Update: BSL still not equal in status to other languages, said Government

Image courtesy of http://www.blanchenevile.org.uk

Those with long memories might remember from a previous blog posting that the Government was proposing to introducing new laws which would require primary school children to learn a moderen foreign language. The National Deaf Children’s Society felt that these would discourage schools from teaching British Sign Language (BSL) and didn’t gave BSL the same status as modern foreign languages.

Do you want the good news first? Well, the proposals to make primary school children learn a new language were abandoned by the Government a few weeks back, just before Parliament was dissolved for the general election.

The bad news? The proposals weren’t abandoned because of a change of heart, but to get other new laws through in the short term then available. Judging by correspondence from around the same time, the Government hasn’t really changed its mind on BSL. Warm words aside, the Government is sticking to its definition of languages, not realising that the creation of a definition of languages which excludes BSL is arbitrary and therefore, discriminatory. As well as offensive to those who communicate in BSL. Why is BSL less valuable than Welsh or Mandarin that schools shouldn’t be free to teach it in schools if they want to do so?

Because there is no change of heart, it means that these proposals could return to Parliament, depending on the outcome of the general election. I’m on red alert.

More detail from NDCS on the issue is on their website. In the meantime, what are your views? What are your thoughts on how to make the decision-makers realise that, duh!, BSL should have the same status as other modern foreign languages?


3 thoughts on “Update: BSL still not equal in status to other languages, said Government

  1. BSL in my area (Taught in evening classes), was listed under ‘hobbies’ along with flower arranging ! teachers of BSL not allowed to declare themselves ‘teachers’ in an educational sense, unless they could show appropriate English language and curricular qualifications, or they aren’t allowed to teach in a school. THIS is the issue because it would be an ‘in’ to BSL in education of deaf children, through the ‘back door’ by-passing school teachers who have to acquire these qualifications. Only when BSL teachers can show, they can teach in the present system via English means, as well, and an ability to interact with hearing children. You cannot pick and choose which children you teach, many deaf children are in mainstream now so you have to show ability to teach both sectors of children at the same time. Even french teachers must have English abilities to do their job. When BSL tuition in education is accompanied by the relevant other skills they need, can I see BSL being allowed in. Is that discrimination ? I don’t believe it is. While some tutors downgrade speech, I cannot see them ever being allowed in a classroom. Rather than object to this view, they should accept it, and gain better teaching qualifications, if only so deaf children will benefit by it. The image of BSL is a ‘foreign language’ because of incompatibilities to the national modus.

    • Of course, any BSL tutor needs to have appropriate qualifications and experience. What those qualifications should be is a separate debate. As an aside, I’ve been taught BSL extremely well by someone whose English was poor, so I don’t personally regard knowledge of English as a necessary pre-qualification.
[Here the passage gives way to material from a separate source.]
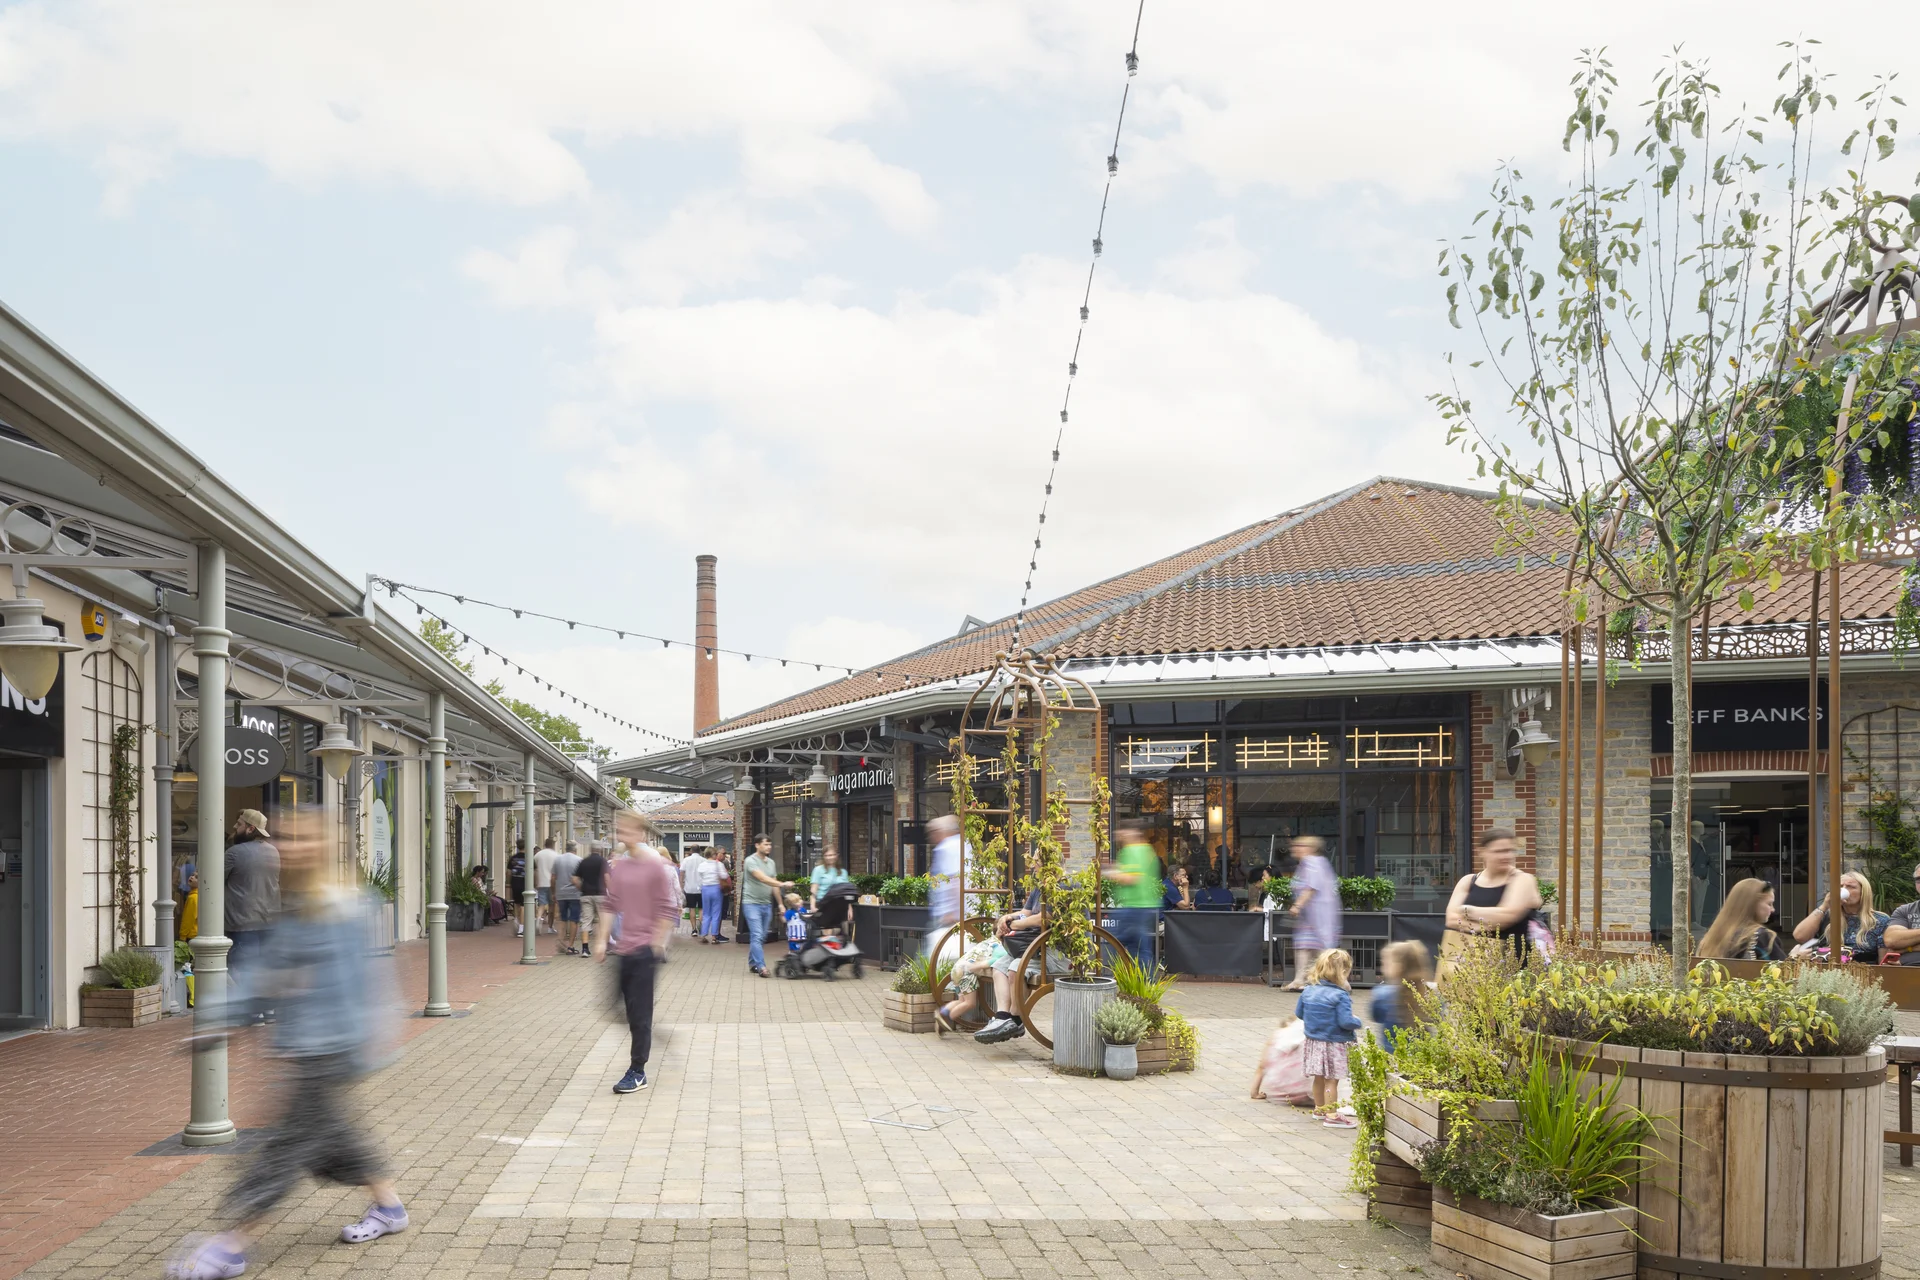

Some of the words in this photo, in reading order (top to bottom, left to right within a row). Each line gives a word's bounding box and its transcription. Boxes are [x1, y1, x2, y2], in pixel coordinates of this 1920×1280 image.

[1734, 706, 1824, 723] BANKS
[224, 748, 270, 766] OSS
[829, 767, 894, 795] wagamama
      The point is, even if you had an army of well-qualified people who could teach BSL, the Government still does not believe it should have the same status as other modern foreign languages. As a point of principle, I think that’s unacceptable and discriminatory.

  2. As a primary school teacher…

    Before i was required to teach only French (?!), i taught children a mixture of French, Spanish and Mandarin. Not because i am in any way a language expert but because the idea of teaching primary aged children langauges should be to motivate and excite them about learning another language. About being able to communicate with more people. Which should surely mean BSL is an appropriate langauge to explore. The result being children at secondary school who are enthusiastic langauge learners, ready to be taught by specialists.

    I don’t believe any langauge should be ruled out of the MFL choices but most schools will take the easier option and deliver French schemes. Which will frustrate secondary teachers who will then need to undo 4 years spent consolidating poor pronunciation, poor grammar and a distaste for learning langauges – the result of non-specialists teaching langauges they can’t speak.

    MM – You don’t need any langauge qualifications to teach langauges at primary so i don’t understand how the approval of BSL would lead to the consequences you describe.

    Ian – I agree with the arguments in your orginal article. The DCSF need to clarify what they want to achieve with the teaching of MFL at primary because their arguments don’t hold for excluding BSL.